The Second Wave of coffee came about as a general desire for better coffee. The expansion and mass production of coffee beans had rapidly increased availability, but at the cost of quality. Consumers went in search of what became known as “specialty” coffee, as well as information about the source and production of the beans. It was the start of what would eventually become today’s coffee culture: the community culture of drinking coffee, along with an enjoyment of the coffee itself, began to be emphasized again; American coffee companies and cafés began their very first forays into espresso-based drinks; and mainstream media, including TV shows like Friends and Frasier, started using the café as a backdrop, which began to popularize it as a “third space.” Mr. Coffee machines, now ubiquitous, joined the ranks of standard countertop appliances in the home.
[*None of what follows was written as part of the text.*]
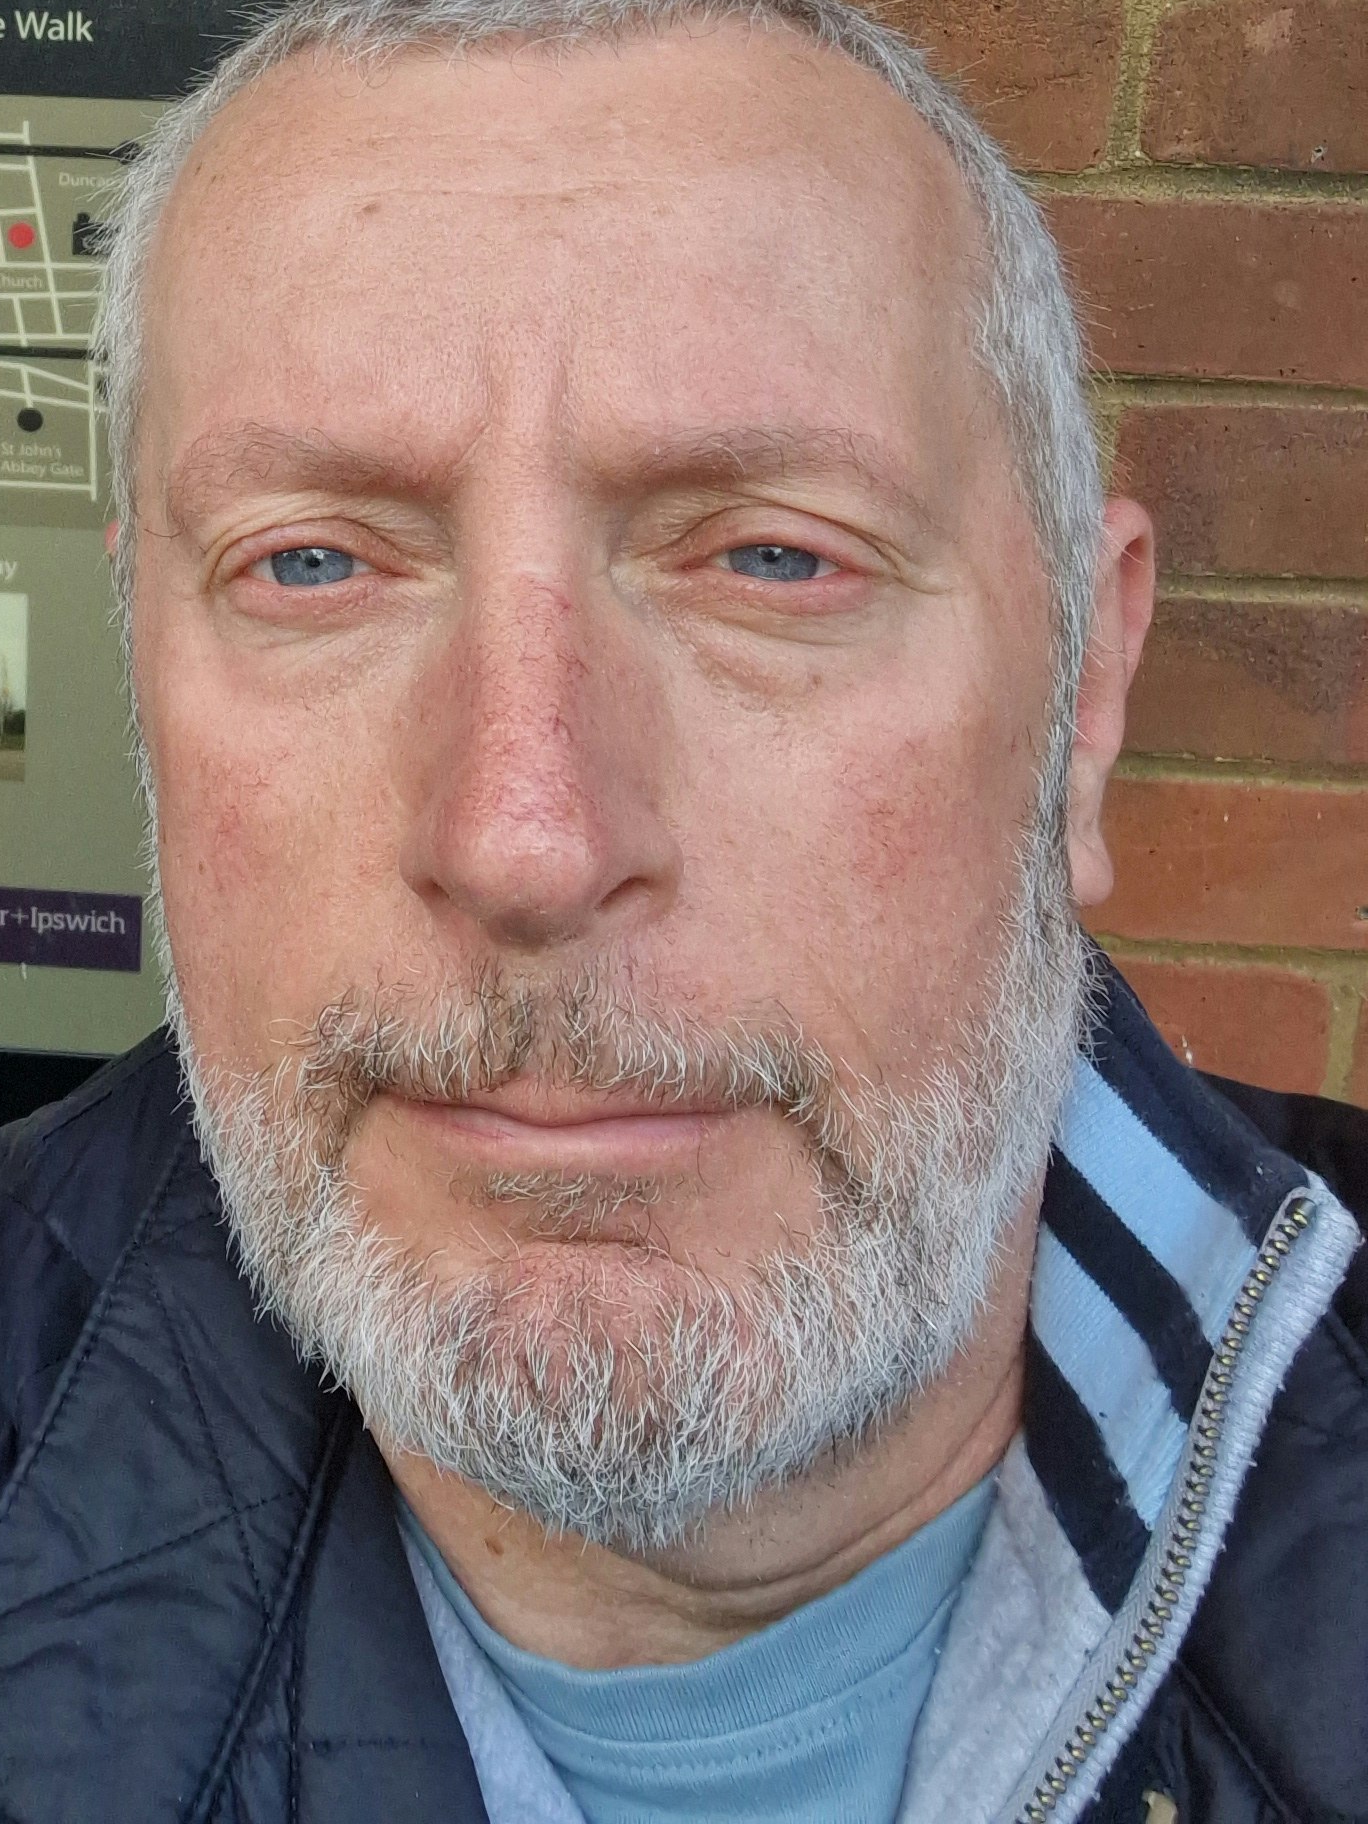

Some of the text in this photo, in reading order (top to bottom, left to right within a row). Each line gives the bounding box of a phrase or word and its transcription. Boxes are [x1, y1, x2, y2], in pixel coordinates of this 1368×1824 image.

[14, 9, 95, 44] Walk
[1, 442, 63, 459] St John's
[1, 460, 85, 477] Abbey Gate
The Third Wave and Today’s Coffee Culture
The next movement, which brings us to the present day (although some already tout a Fourth Wave of coffee), built on the ideas spawned near the end of the 1980s—sourcing, craftsmanship, production and sustainability of coffee. Quality began to assert itself as the primary aim in coffee making, and to that end, schools and training programs offering coursework and certification for budding baristas sprang up to meet the new demand. Coffee festivals, tasting events and competitions exploded in popularity as coffee reached into such disparate fields as cooking, sculpture and cleaning products.
Happily, this new fascination with the beverage also translated into better wages for coffee farmers and a more sustainable and environmentally-sensitive coffee economy. As the world’s thirst for coffee continues to increase, customers are continuing to assert their willingness to pay extra for better, cleaner, fairer coffee. It’s truly exciting to see what the future of coffee will bring!